Such is the leading lesson from a troupe that since its inception in 1972 has channeled its passion for performing as much toward education as entertainment.

Behind Muntu's ecstatic fury of dance and song is a meticulous attention to tradition. The troupe researches the history of the art forms and the societies that created them. After learning, the group begins educating by putting these forms onstage.

By making audience members participate in its celebration of African and African-American traditions, Muntu reveals the complexity behind the blurring drumbeats and wild turns. Its repertoire is an eclectic mix including African hand drums, hambone rhythms, ragtime, and West Indian Dance.

In the current series, the dancers of Muntu especially celebrate the tenacity of African and African-American performing traditions. Through a brash, broadly historiographical program, they recall how the inheritors of these customs sustained and nourished the art forms even as they were torn from their homeland, bound into slavery, and encumbered by racism.

It is difficult to imagine more enthusiastic, colorful, and enthralling instructors in such traditions.

Five drummers begin the performance with ``Drum Talk,'' dressed in tasseled and frilled vests, pants, and headresses sewn in black and red cloth trimmed with white fur. They start with simple rhythms at a serene volume but build a dialogue in drums that roars at the end in frenzied, exuberant complexity.

In ``We Became the Drum,'' 11 performers accompanied softly by bells and drums, recount how slaves in the American South responded when their owners barred drums from plantations for fear that their slaves would establish lines of communication in the area.

``They denied us the drum,'' a performer says.

``So we became the drum!'' the other performers reply in unison. They repeat the cry and defiant response until their words make a percussive sycopation.

Referring to the activism of Martin Luther King Jr., Nelson Mandela, and other black leaders, Muntu recalls how Africans and African-Americans, when denied the tools of free expression, have created their own rich, lasting, cultural vocabulary in movement.

While trying to overturn repression, they have created new modes of expression.

``Juba Jig'' illustrates how slaves defied the ban on their culture and, by doing so, popularized a new form of percussion.

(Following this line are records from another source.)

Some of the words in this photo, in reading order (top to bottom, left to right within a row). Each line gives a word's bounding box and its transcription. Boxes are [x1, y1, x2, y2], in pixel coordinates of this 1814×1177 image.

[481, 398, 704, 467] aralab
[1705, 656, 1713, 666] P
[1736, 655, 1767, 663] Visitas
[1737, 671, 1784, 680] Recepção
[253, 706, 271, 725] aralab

A lone dancer, dressed in ragged clothes, skitters across a darkened stage in front of a screen painted with trees. Eyes wide and mouth agape, he urgently beats the hambone, slapping out a rapid call on his thigh. Other slaves appear also in search of comrades, drumming out an urgent plea for fellowship.

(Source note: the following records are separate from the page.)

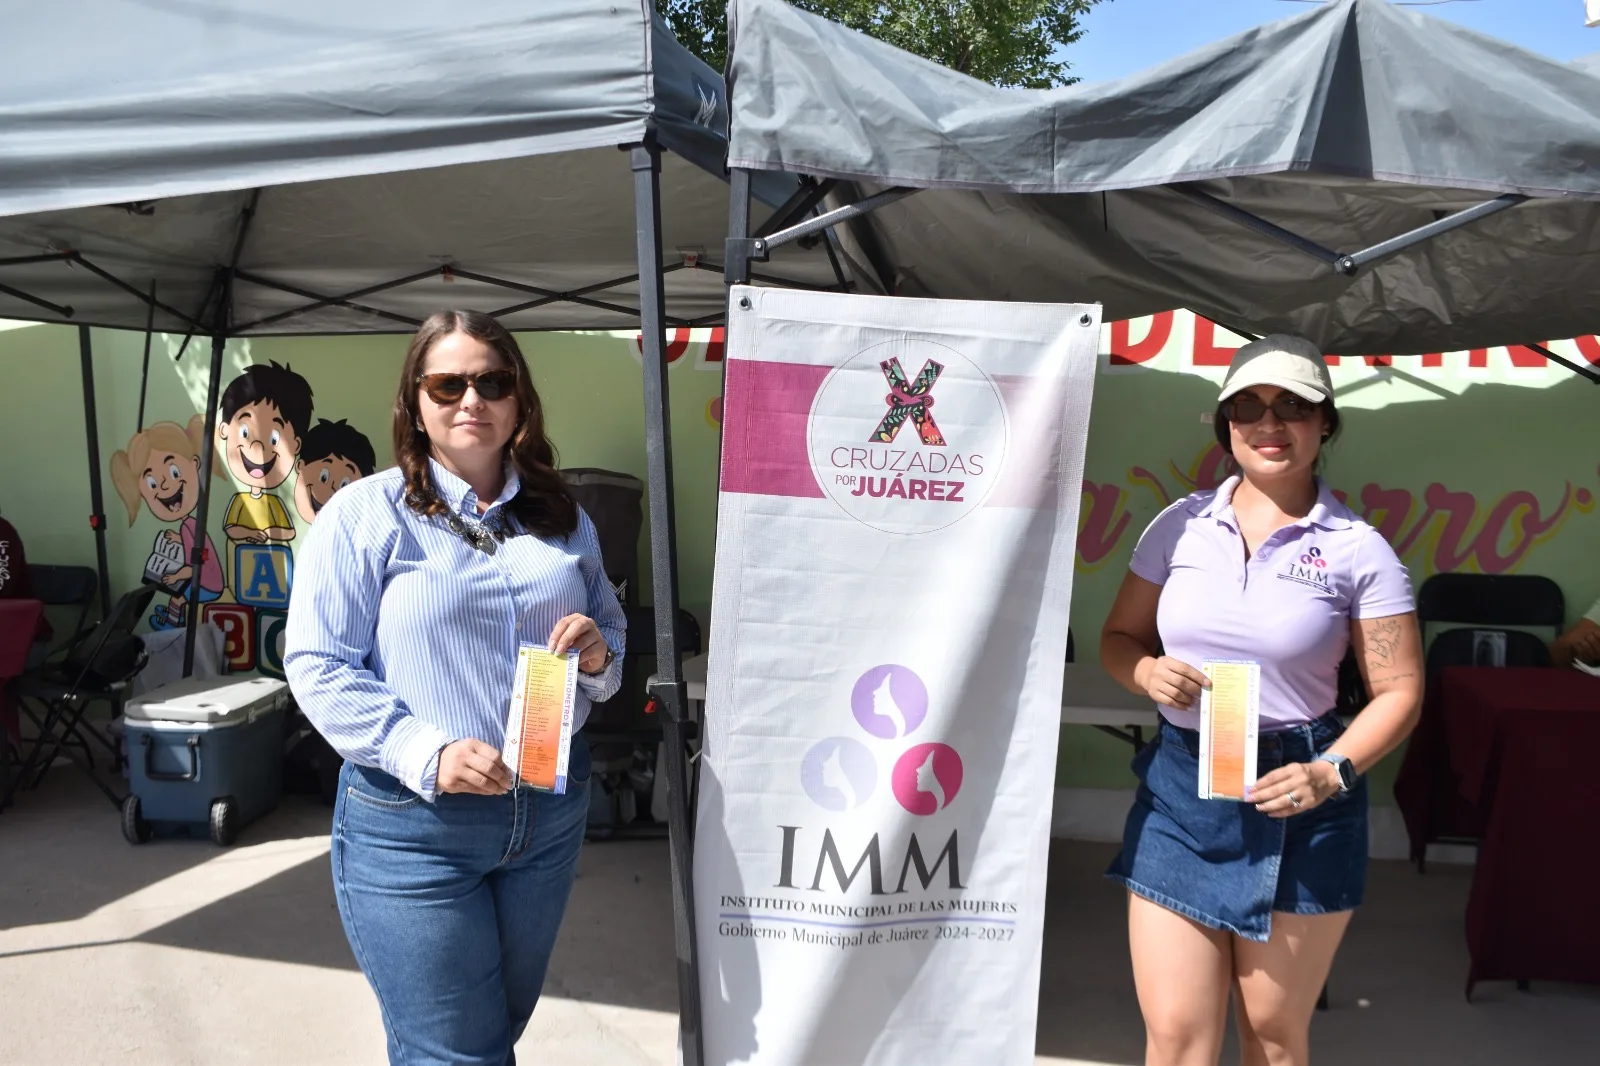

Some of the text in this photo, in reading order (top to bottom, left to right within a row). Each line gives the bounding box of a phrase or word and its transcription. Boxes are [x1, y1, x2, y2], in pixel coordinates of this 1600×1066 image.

[831, 447, 984, 476] CRUZADAS
[835, 473, 965, 502] POR JUÁREZ
[245, 552, 285, 597] A
[1288, 562, 1329, 586] IMM
[213, 613, 245, 659] B
[773, 824, 968, 895] IMM
[720, 895, 1018, 918] INSTITUTO MUNICIPAL DE LAS MUJERES
[719, 921, 1014, 950] Gobierno Municipal de Juárez 2024-2027

As the men and women fall into a whirling circle, the cacophony of beating and jumble of random movements suddenly comes together in glorious cohesion. Together, as they dance their secret circle, their brows lift. They beam broad smiles while beating out a joyous, orchestrated rhythm on their thighs, chests, calves, feet, and hands.

The circle explodes into the wildly exuberant and springy juba jig. The dancers move their legs in a triple-time broad step, arms flailing in a smooth rhythm, all the while keeping their heads comparatively still with the relaxed, beatific smile that seems to be the Muntu signature.

Then the dancers break again and dance the cakewalk accompanied by washboard, cow bell, and spoons. Arm-in-arm, couples prance, strut, and kick as if trying to lift themselves higher.

Suddenly, their joyful fellowship is broken by the enraged, unintelligible voice of the slave master ordering them out of the forest and back to their plantation dwellings. They flee.

While Muntu has an ample share of tall, svelte dancers, comparatively short and rotund performers fill it out.

The stout dancers make Muntu more accessible, human, and common. In its mission to educate, the troupe apparently puts intimate sharing before grand, artistic transcendence.

The dancers misstepped a few times on the opening night of the concert series. Some of the singing was rough around the edges.

Also, the program leaned too much toward the brassy and obtrusive. The troupe would have offered a richer, more self-assured performance had the loud, showy acts been set off by milder and more subtle pieces.

Babu Atiba, assistant artistic director, illustrated the value of balance in a soothing one-man act entitled merely ``Audience Participation.''

Atiba strolled onto the stage dressed in a blazing white tunic and pants. He sang while slapping the base of a large calabash strung with beads. After leading the audience in song he offered a brief homily describing the dancers' philosophy.

``We know there is merit in all cultures; by appreciating the differences we can better realize the similarities,'' he said.

* Muntu's tour continues with the following performances: Feb. 8, Ithaca, N.Y.; Feb. 9, Canton, N.Y.; Feb. 17, Chicago, Ill.; Feb. 18, Calumet City, Ill.; Feb. 25, DeKalb, Ill.; March 3, Palos Hills, Ill.